No, I don't agree with this approach. The book clearly tells you how to determine the first workouts for all the lifts, at then end of the instruction for each lift. Do that.
Rip,
I have read both SS and PP, and clearly understand where to start if I were a complete beginner to weightlifting. However, I am familiar with the lifts but am coming off a somewhat extended break and am trying to figure out where to start.
My current 1 RMs are:
Squat- 260
Bench Press- 165
Press- 120
Deadlift- 300
Powerclean- 160
Clearly I need work which is why I want to do SS, but I am not sure where to begin with regards to weight.

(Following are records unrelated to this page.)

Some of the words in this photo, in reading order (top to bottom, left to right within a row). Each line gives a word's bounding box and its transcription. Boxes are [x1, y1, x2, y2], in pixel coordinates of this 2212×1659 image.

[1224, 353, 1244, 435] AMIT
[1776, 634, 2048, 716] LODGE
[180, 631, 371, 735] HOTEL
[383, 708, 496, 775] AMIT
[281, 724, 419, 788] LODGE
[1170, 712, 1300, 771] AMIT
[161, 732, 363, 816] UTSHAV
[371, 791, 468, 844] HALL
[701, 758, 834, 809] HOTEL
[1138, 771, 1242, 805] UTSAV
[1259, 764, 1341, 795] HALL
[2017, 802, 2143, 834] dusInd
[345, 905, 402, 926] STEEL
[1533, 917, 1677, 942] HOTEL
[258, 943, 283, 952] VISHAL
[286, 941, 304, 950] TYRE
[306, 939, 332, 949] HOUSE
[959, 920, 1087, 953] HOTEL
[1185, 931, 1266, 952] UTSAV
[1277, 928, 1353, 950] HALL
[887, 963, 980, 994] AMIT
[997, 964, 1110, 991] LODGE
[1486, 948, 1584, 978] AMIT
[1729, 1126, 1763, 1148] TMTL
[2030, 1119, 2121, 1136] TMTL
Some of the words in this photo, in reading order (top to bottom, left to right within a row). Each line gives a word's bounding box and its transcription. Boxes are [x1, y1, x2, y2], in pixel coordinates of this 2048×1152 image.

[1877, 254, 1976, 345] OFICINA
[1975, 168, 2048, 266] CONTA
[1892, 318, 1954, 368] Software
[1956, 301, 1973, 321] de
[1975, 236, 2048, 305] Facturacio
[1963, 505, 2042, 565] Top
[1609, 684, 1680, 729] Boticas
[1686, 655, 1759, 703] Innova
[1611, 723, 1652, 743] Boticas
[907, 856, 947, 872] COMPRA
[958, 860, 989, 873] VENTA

My current plan is to start with the following weights:
Squat- 115
Bench Press- 85
Press- 65
Deadlift- 135
Powerclean- 85
I am planning on 5lb increases for everything but deadlift (10lbs). Am I selling myself short by starting too light? I figure it was better to start light and continue with linear progression as long as possible. Do you agree with this approach?
Thanks,
John
No, I don't agree with this approach. The book clearly tells you how to determine the first workouts for all the lifts, at then end of the instruction for each lift. Do that.
Yep I lent the book to a colleague of mine, engineer in his 40s, reads and writes reports all the time, would only look at the pictures
I think my original post was not clear. I did the lifts for the first workout as described in the book(s). The numbers posted are where I ended up from that process. However, given my 1RM those numbers seem low to me. Maybe that's exactly where I need to be, I just wanted a sanity check to see if those numbers made sense.
Re-reading my original post it sounds like I grabbed those numbers out of the air. Sorry for the confusion.
Thanks,
John
If that's the case, your 1RM numbers are bullshit. Use the numbers generated by the workout.
That is what led to my original post. I tested my 1 RMs on Friday 7/15 and did the first workout 7/18 with adequate food and sleep over the weekend, but those numbers are ridiculously low compared to my 1RM.
1 RM number's aren't even discussed in the book until the intermediate chapter, as they are considered irrelevant for the novice who should be getting stronger every workout; if you're a novice again, your 1RM should increase day after day.